There is much talk of a plot and conspiracy to destroy the Protestant religion, and introduce Popery again amongst us. They may do well to take care thereof who are concerned in public affairs: but as unto the event, there is but one conspiracy that is greatly to be feared in this matter; and that is, between Satan and the lusts of men.

If they can prevail to deprive the generality of men of an experience in their own minds of the power and efficacy of the truth, with the spiritual advantage which they may have thereby, they will give them up to be an easy prey unto the other designers. And there are two engines that are applied unto this purpose;—the one is ignorance, the other is profaneness, or sensuality of life. Whenever either of these prevails, the experience intended must necessarily be lost and excluded; and the means of their prevailing are, want of due instruction by those who are the leaders of the people, and the encouragement of sensuality by impunity and great examples. This is the only formidable conspiracy against the profession of the truth in this nation; without whose aid all power and force will be frustrate in the issue. And as there is a great appearance of divine permission of such a state of things at present amongst us, so, if they be managed by counsel also, and that those ways of ignorance and sensuality are countenanced and promoted for this very end, that, the power of truth being lost, the profession of it may be given up on easy terms, -there is nothing but sovereign grace that can prevent the design.
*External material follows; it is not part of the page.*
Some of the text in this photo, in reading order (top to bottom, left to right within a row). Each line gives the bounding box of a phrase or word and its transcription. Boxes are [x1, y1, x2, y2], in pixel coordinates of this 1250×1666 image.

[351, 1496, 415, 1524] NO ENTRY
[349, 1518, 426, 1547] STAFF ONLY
For the principle which we have laid down is uncontrollable in reason and experience,-namely, that the loss of an experience of the power of religion will issue, one way or other, in the loss of the truth of religion and the profession of it. Whence is it that so many corrupt opinions have made such an inroad on the Protestant religion and the profession of it? Is it not from hence, that many have lost an experience of the power and efficacy of the truth, and so have parted with it? Whence is it that profaneness and sensuality of life, with all manner of corrupt lusts of the flesh, have grown up, unto the shame of profession? Is it not from the same cause as the apostle expressly declares it comes by? 2 Tim. iv. 2-5. One way or other, the loss of experience of the power of truth will end in the loss of the profession of it.
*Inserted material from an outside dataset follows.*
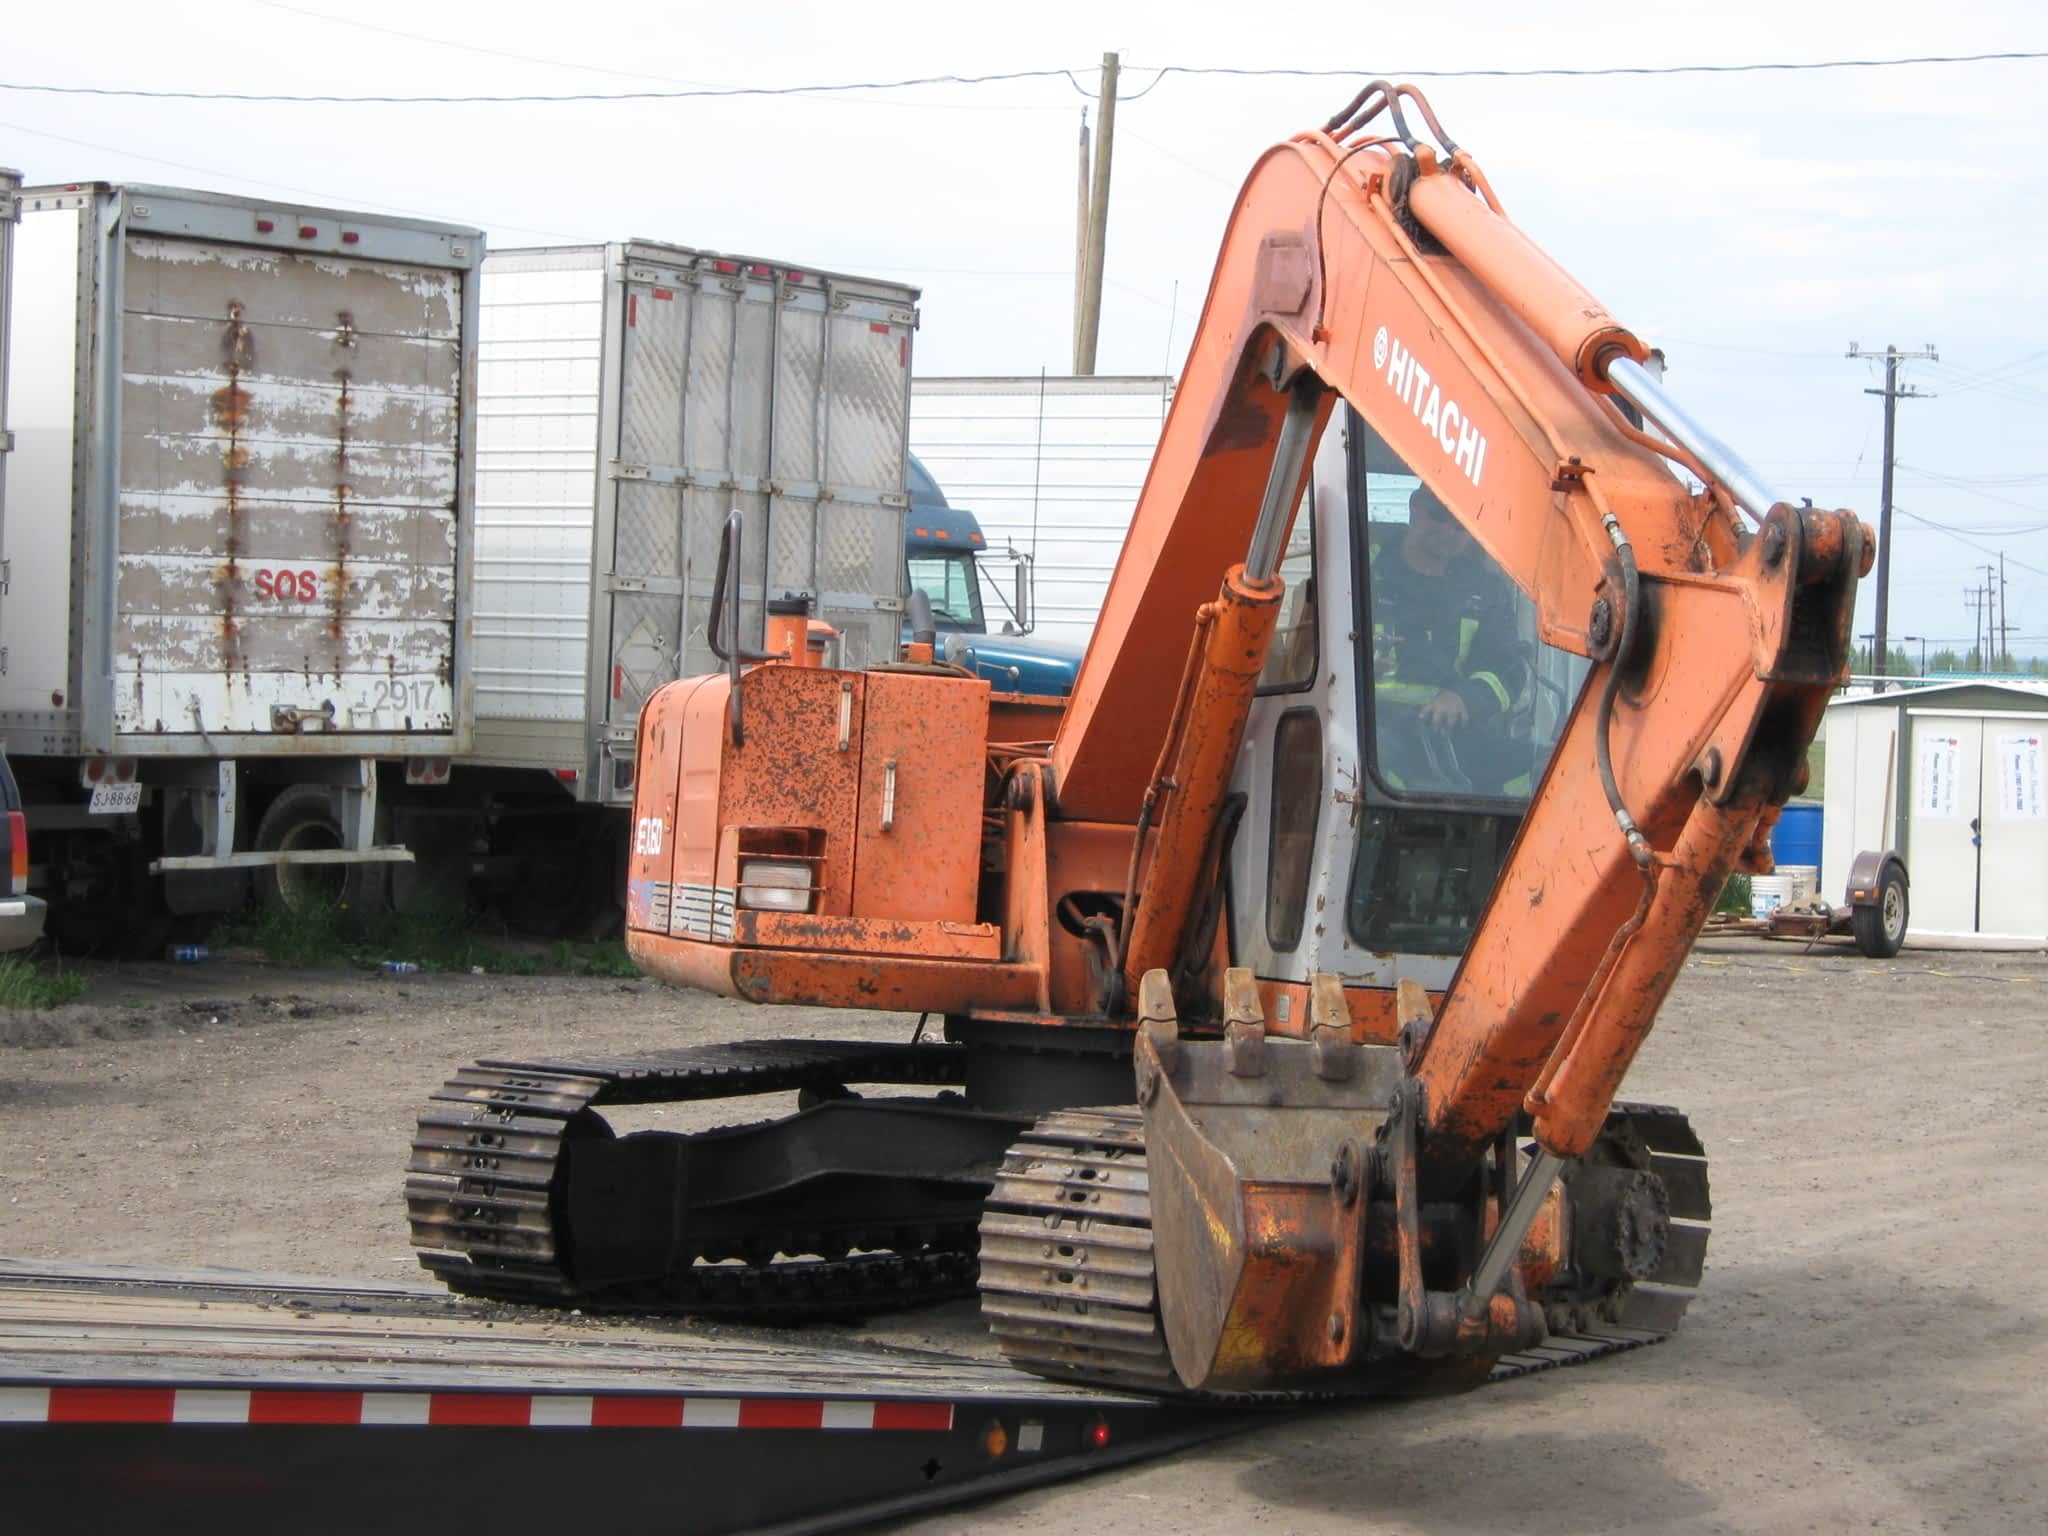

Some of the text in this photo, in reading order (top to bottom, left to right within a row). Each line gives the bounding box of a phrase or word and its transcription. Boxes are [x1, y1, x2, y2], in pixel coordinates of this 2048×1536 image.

But I proceed unto the instance which I do design in the Church of Rome; for the religion of it, at this day, is nothing but a dead image of the gospel, erected in the loss of an experience of its spiritual power, overthrowing its use, with all its ends, being suited to the taste of men, carnal, ignorant, and superstitious. This I shall make evident by all sorts of instances in things relating to,—I. The person and offices of Christ; II. The state, order, and worship of the church; with, III. The graces and duties of obedience required in the gospel. And in all my principal design is, to demonstrate what is the only way and means of securing our own souls,—any church or nation, from being ensnared with, or prevailed against, by Popery.

I. Section 1. It is a general notion of truth, that the Lord Christ, in his person and grace, is to be proposed and represented unto men as the principal object of their faith and love.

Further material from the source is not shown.